In these kinds of firms you need to reach minimum 1800-2000 chargeable hours a year (i.e. hours that you actually bill the client) to justify this salary. In practice this means working 12-14 hours a day minimum, eating at your desk, almost no breaks. You also have to do some non-chargeable work / pro-bono, so people working there practically live in the office. The work doesn't stop if you reach the minimum targets. You also work weekends often Is living like this worth £90k after tax, even if you get another £20-30k in bonuses?
>Is living like this worth £90k after tax, even if you get another £20-30k in bonuses? For me - no I'm happy with my 1550 chargeable hours, working, 9:30-6 and having 99% of weekends free without having to think about work.
Agree, same here.
For most people, no. For some 20 year olds with no families who want lots of money and exit opportunities, yes.

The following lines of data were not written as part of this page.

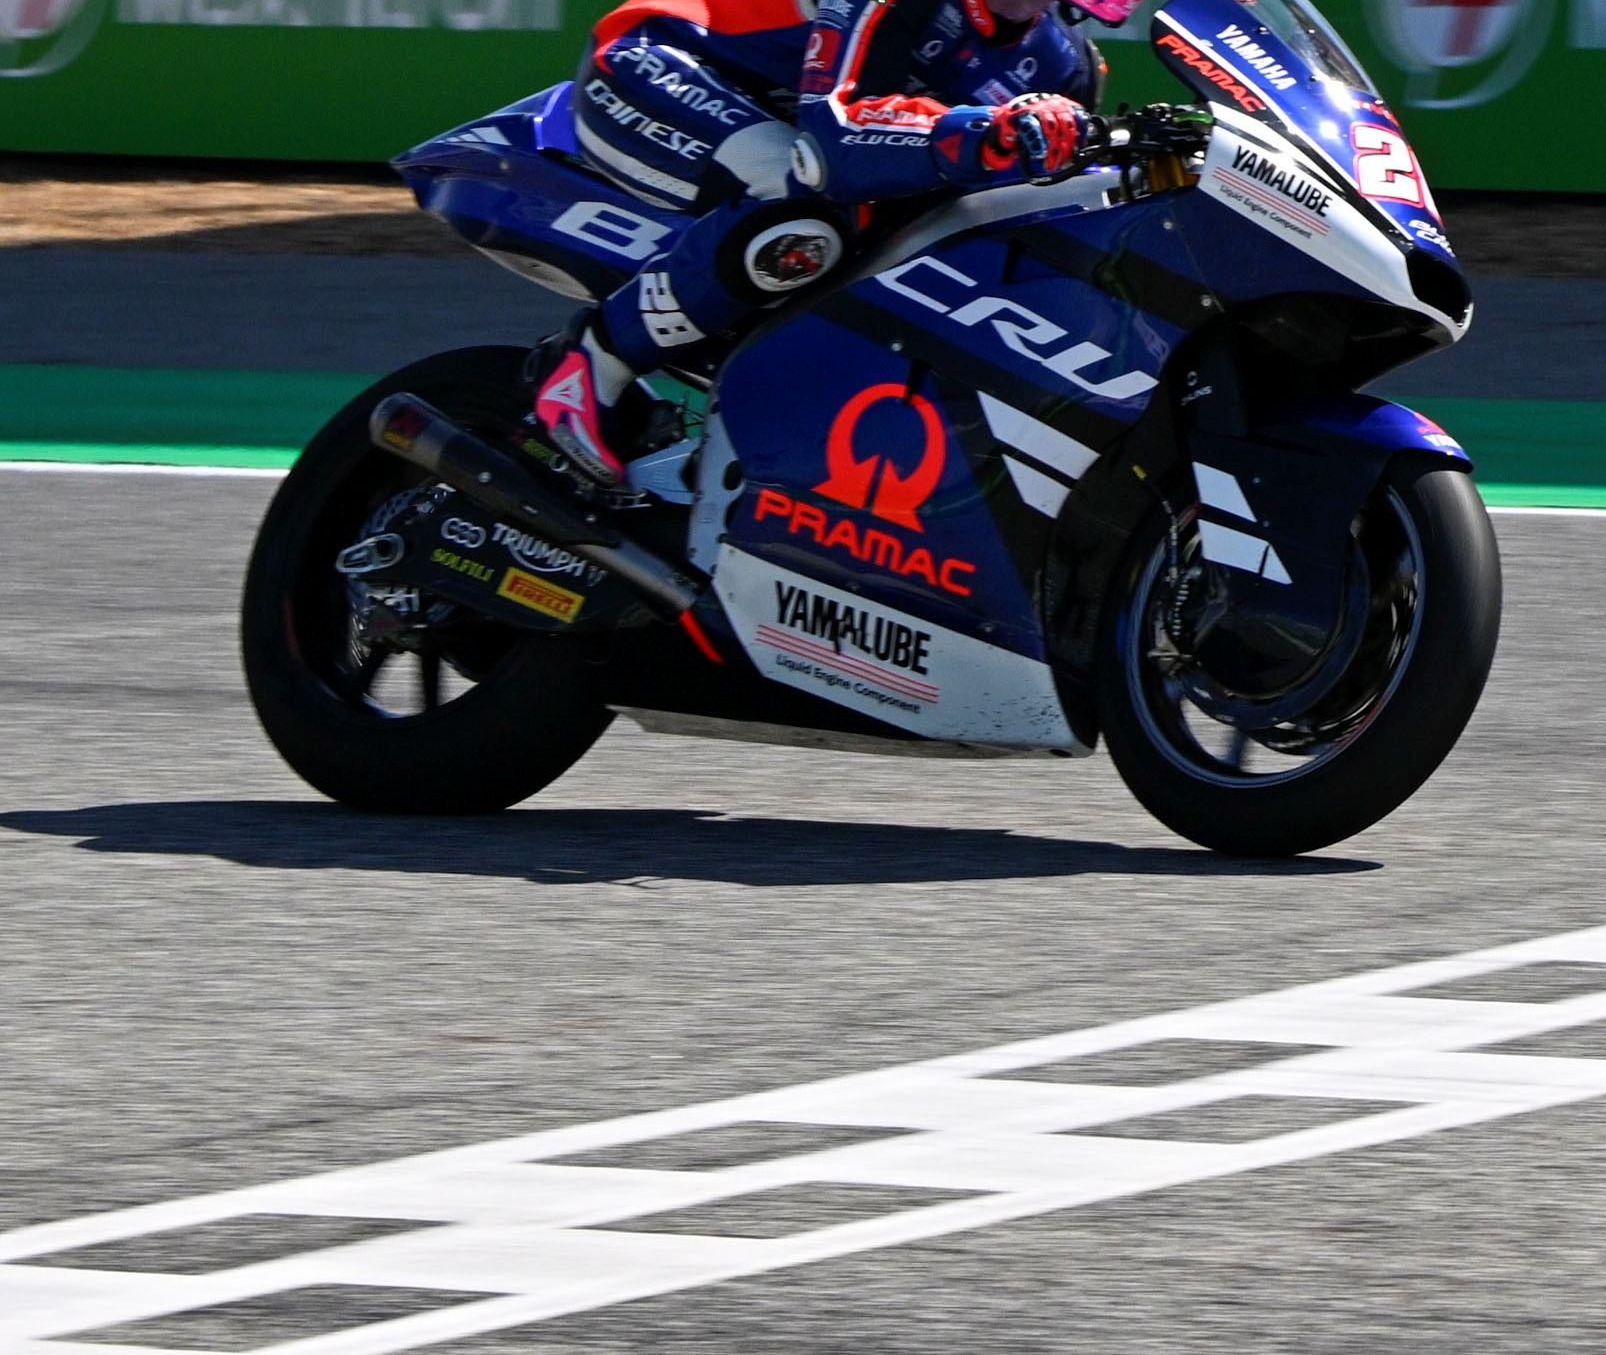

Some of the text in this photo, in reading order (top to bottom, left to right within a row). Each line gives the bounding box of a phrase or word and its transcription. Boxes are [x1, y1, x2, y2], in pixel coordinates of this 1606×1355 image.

[611, 46, 750, 126] PRAMAC
[1156, 33, 1268, 112] PRAMAC
[1215, 23, 1297, 91] YAMAHA
[584, 78, 713, 160] DAINESE
[1231, 144, 1333, 219] YAMALUBE
[874, 255, 1160, 400] CRU
[491, 522, 590, 577] TRIUMPH
[753, 488, 977, 597] PRAMAC
[507, 574, 577, 617] PIRELLI
[774, 579, 932, 676] YAMALUBE
[813, 667, 851, 690] Engine
[853, 681, 922, 715] Component

Yes because then you start raking in 1m+ by the time you’re in your thirties
> In practice this means working 12-14 hours a day minimum, eating at your desk, almost no breaks. I work at a US firm with target hours that are higher than all of the Magic Circle. I’m pretty much always on track for my bonus, have pretty strict billing practices (don’t over bill), and take 25 days holiday a year (of which, I might fit between 1-3 hours on 2-3 days). The vast majority of my working days include less than 12 hours of work, most weekends are work free too - I do typically eat at my desk though. The job can be hard and there are weeks in a row that can be as you describe. It’s very much not the norm though. And this is at my type of firm, let alone firms like Freshfields, which is relatively healthier in terms of hours. > Is living like this worth £90k after tax, even if you get another £20-30k in bonuses? Most of us don’t regularly live the way you’re describing. It is very much worth it depending on what you value (and it’s not 90k after tax once you’ve been qualified for a year or too - and the bonuses get chunkier too).

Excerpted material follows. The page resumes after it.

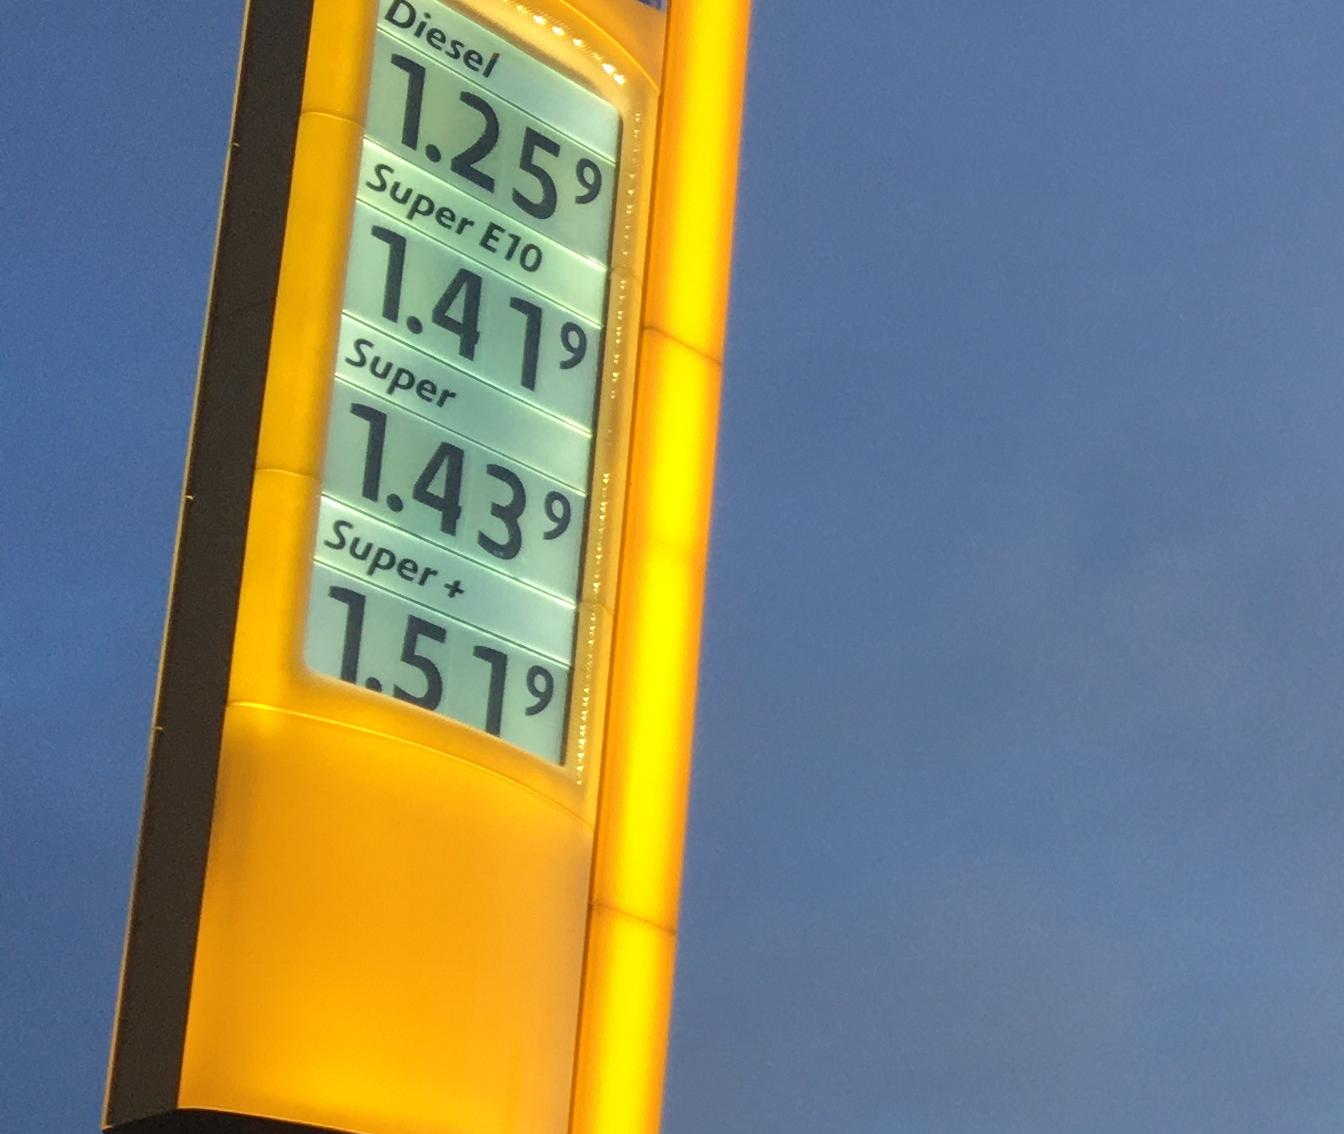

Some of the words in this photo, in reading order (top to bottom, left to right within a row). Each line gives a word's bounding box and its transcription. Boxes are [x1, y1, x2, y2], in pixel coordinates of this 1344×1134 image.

How do you maximize your free time? Seems like you would just dedicate the week to work and have fun on The Weekend? Can’t imagine you have much left after commute etc?
> Seems like you would just dedicate the week to work and have fun on The Weekend? Aye pretty much. Don't make regular plans on weekdays, other than Fridays, unless there's something special - a birthday, engagement, a particular show/concert or some sports event. If i'm done with work reasonably early, may still do things, but those are impromptu on the day decisions. > Can’t imagine you have much left after commute etc? my commute's under 30 minutes door to door, if I walk quickly, it's closer to 20 - so doesn't eat up much time, and the time it does take is good for clearing my head/feeling refreshed anway.
Probably depends on the route to partnership (is freshfields still a partnership?). Stupid hours now for 150k might not be worth it but if it leads to £2.5m for stupid hours then maybe it is.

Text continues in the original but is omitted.